If you plan to breed them, don’t forget to include flat rocks in the tank that can be used as egg-laying sites. Often, spawning is triggered by a high-protein diet and frequent water changes. After locating a good mating location, the male will attempt to entice the probable female to it. The male will then shake and whirl around the female in order to court her. It will also bite and harass on this occasion. After that, the willing female would go to the egg-laying site and lay her eggs. Depending on the age and condition of the female, she may lay anywhere from 5 to 15 eggs.

Ensure you channel the utmost delicacy when transporting the nesting fish to the new tank. When agitated, these cichlids are prone to spit up their eggs early. It’s also a good idea to move the shrimp at the last minute. If the female cichlid is missing from the main tank for an extended period of time, she will abandon her habitat and move down the hierarchy pyramid.

Top Equipment For Demasoni Cichlids

Despite their tiny size, these fish require some attention and maintenance. The larger the tank, the easier it is to keep hostility in check. Similarly, the filtration and heater systems should be sound and durable. This is because they do not tolerate filthy water or unexpected temperature fluctuations well.

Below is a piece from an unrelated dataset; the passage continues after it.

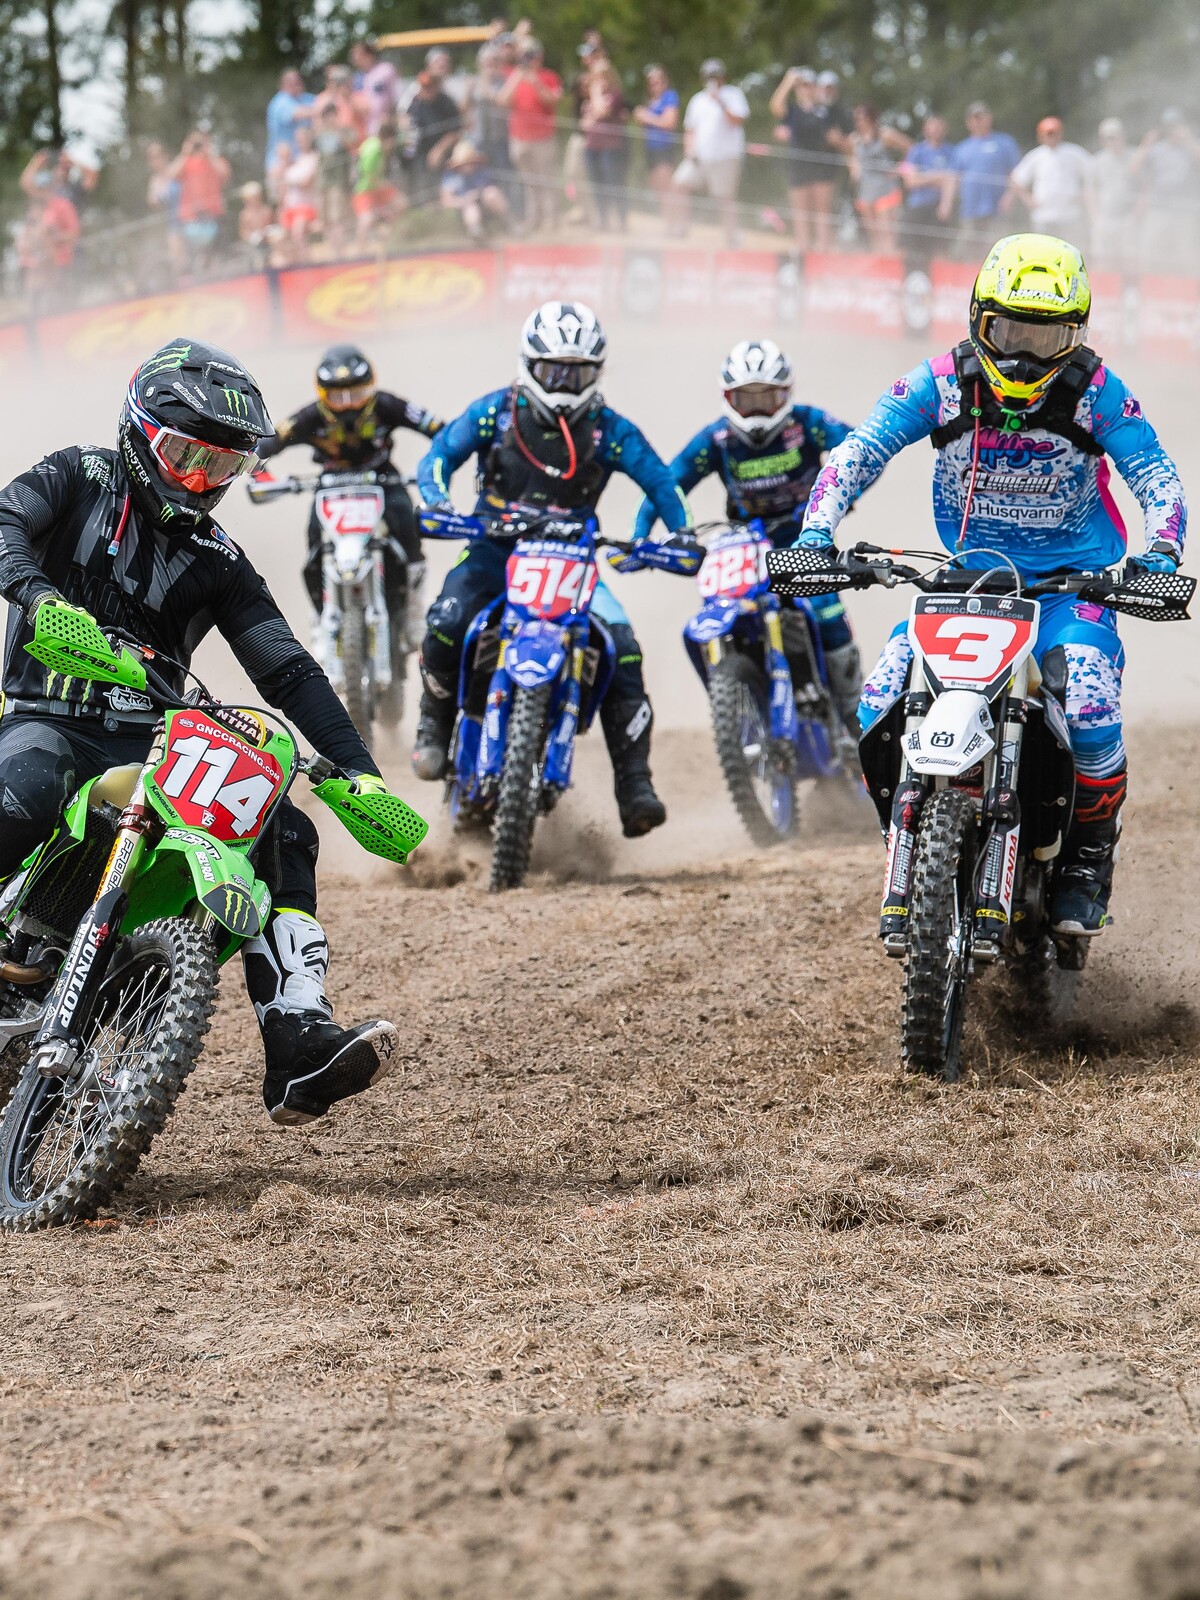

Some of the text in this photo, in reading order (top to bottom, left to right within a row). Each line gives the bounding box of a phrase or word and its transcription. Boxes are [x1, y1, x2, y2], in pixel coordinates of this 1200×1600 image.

There are several types of equipment in the market available for your Demasoni Cichlids. These are our top picks:

JIH Aquarium Fish Tank Plastic Plants and Cave Rock Decorations


So that’s all we have to say about the Demasoni Cichlids. We’ve included the information you need to take care of these fearsome little fish. Their character is prominent, but the size is small. Even the tiniest fry may be aggressive. To prevent sad outcomes, you’ll need to get some things done right, such as a large aquarium and appropriate tankmates.